What the exercise asks: Pictures found in the material must be left out, and every line returned as written.

Record excerpts:

- Opening Delimiter -

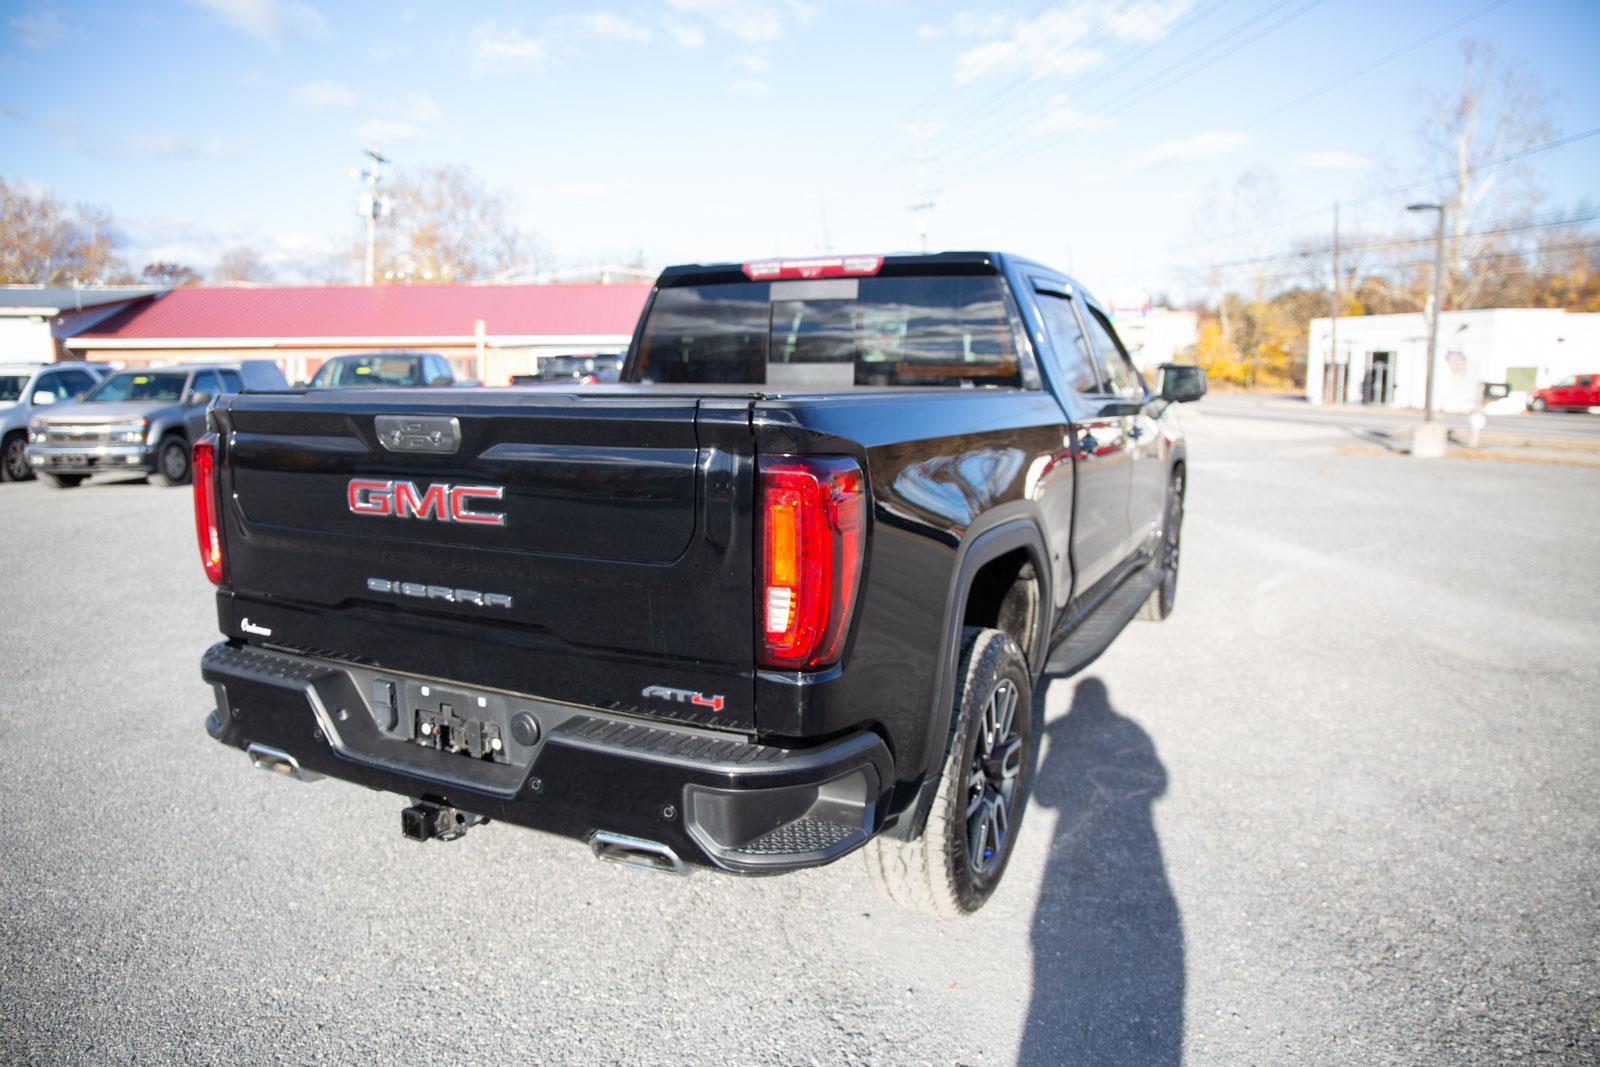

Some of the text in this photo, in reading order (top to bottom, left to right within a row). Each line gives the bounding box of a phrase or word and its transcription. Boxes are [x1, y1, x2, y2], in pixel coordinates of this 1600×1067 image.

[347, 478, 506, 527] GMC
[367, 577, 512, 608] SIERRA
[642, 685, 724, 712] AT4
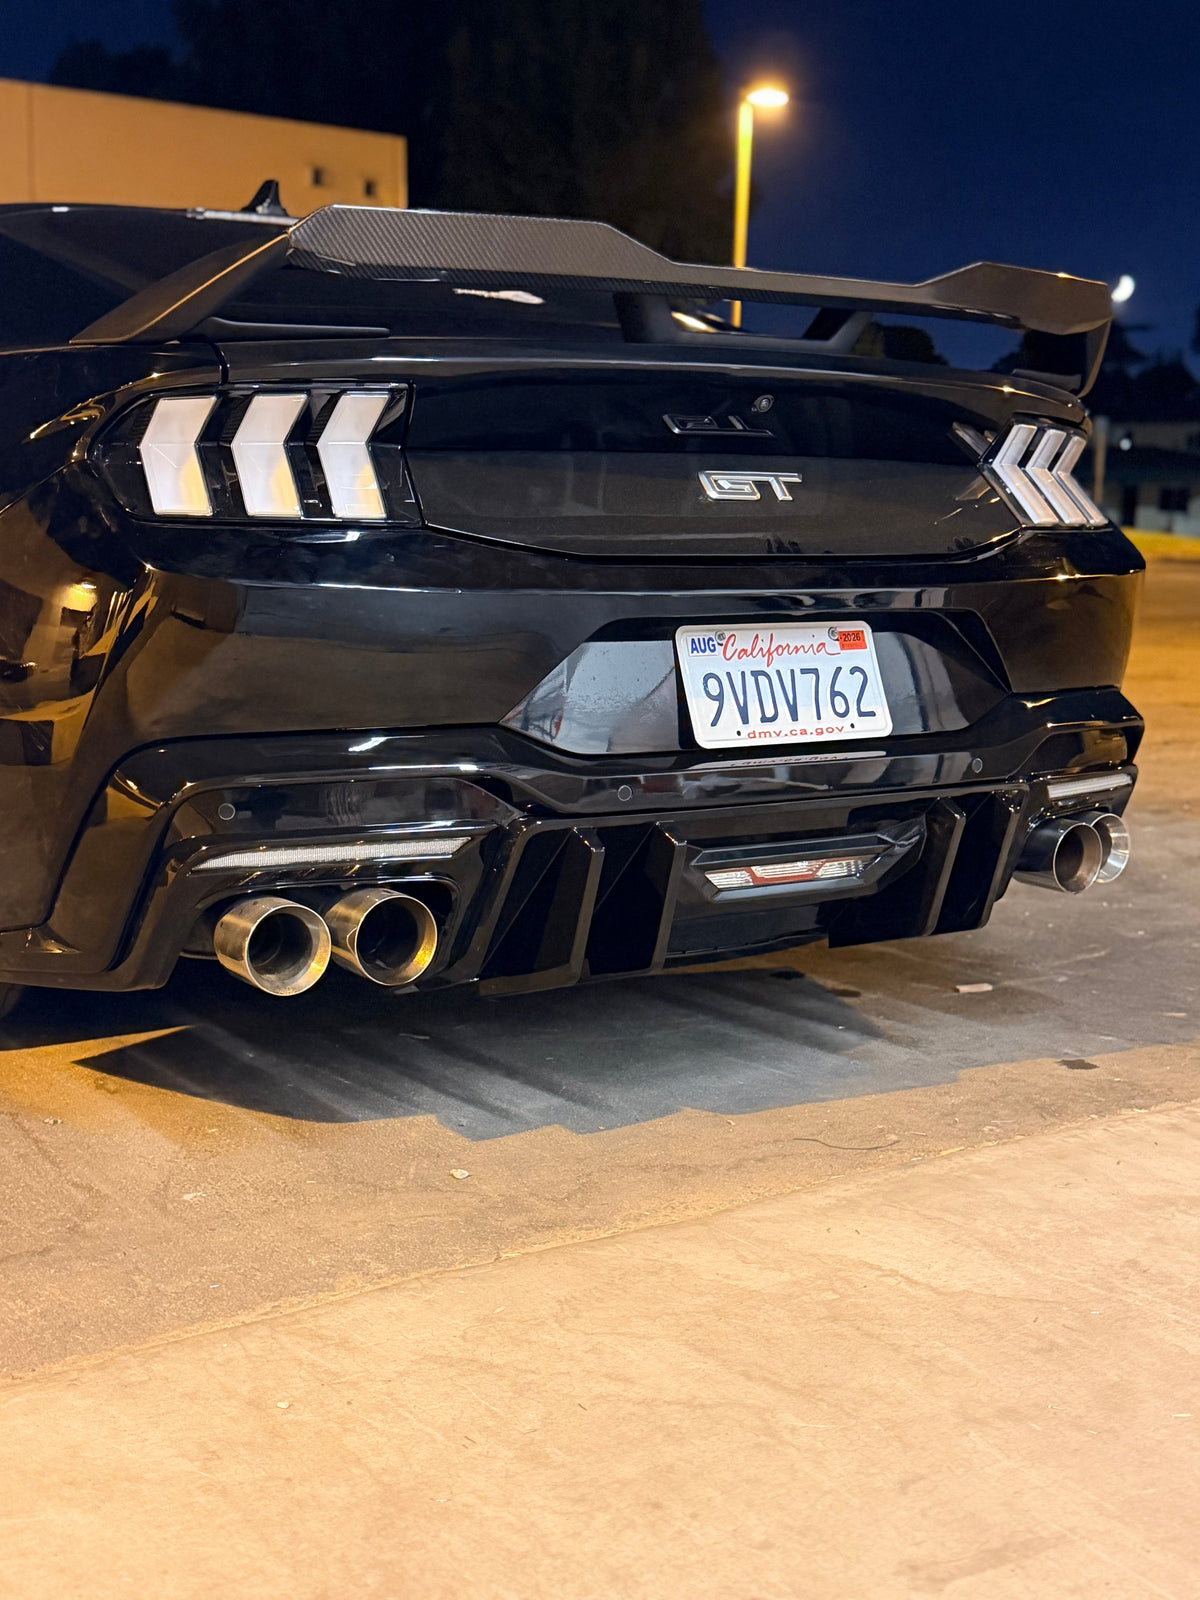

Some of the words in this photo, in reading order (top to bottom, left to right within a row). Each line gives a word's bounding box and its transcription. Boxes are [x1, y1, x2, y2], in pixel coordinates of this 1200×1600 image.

- Closing Delimiter -

Written response:
Some of the text in this photo, in reading order (top to bottom, left to right within a row). Each line gives the bounding box of a phrase or word and its transcription. Boxes are [x1, y1, x2, y2], in pixel coordinates of this 1600×1067 image.

[347, 478, 506, 527] GMC
[367, 577, 512, 608] SIERRA
[642, 685, 724, 712] AT4

Some of the words in this photo, in reading order (top to bottom, left to right within a row). Each line gives a word's bounding box and its transcription. Boxes are [x1, y1, x2, y2], in pixel coordinates of this 1200×1600 image.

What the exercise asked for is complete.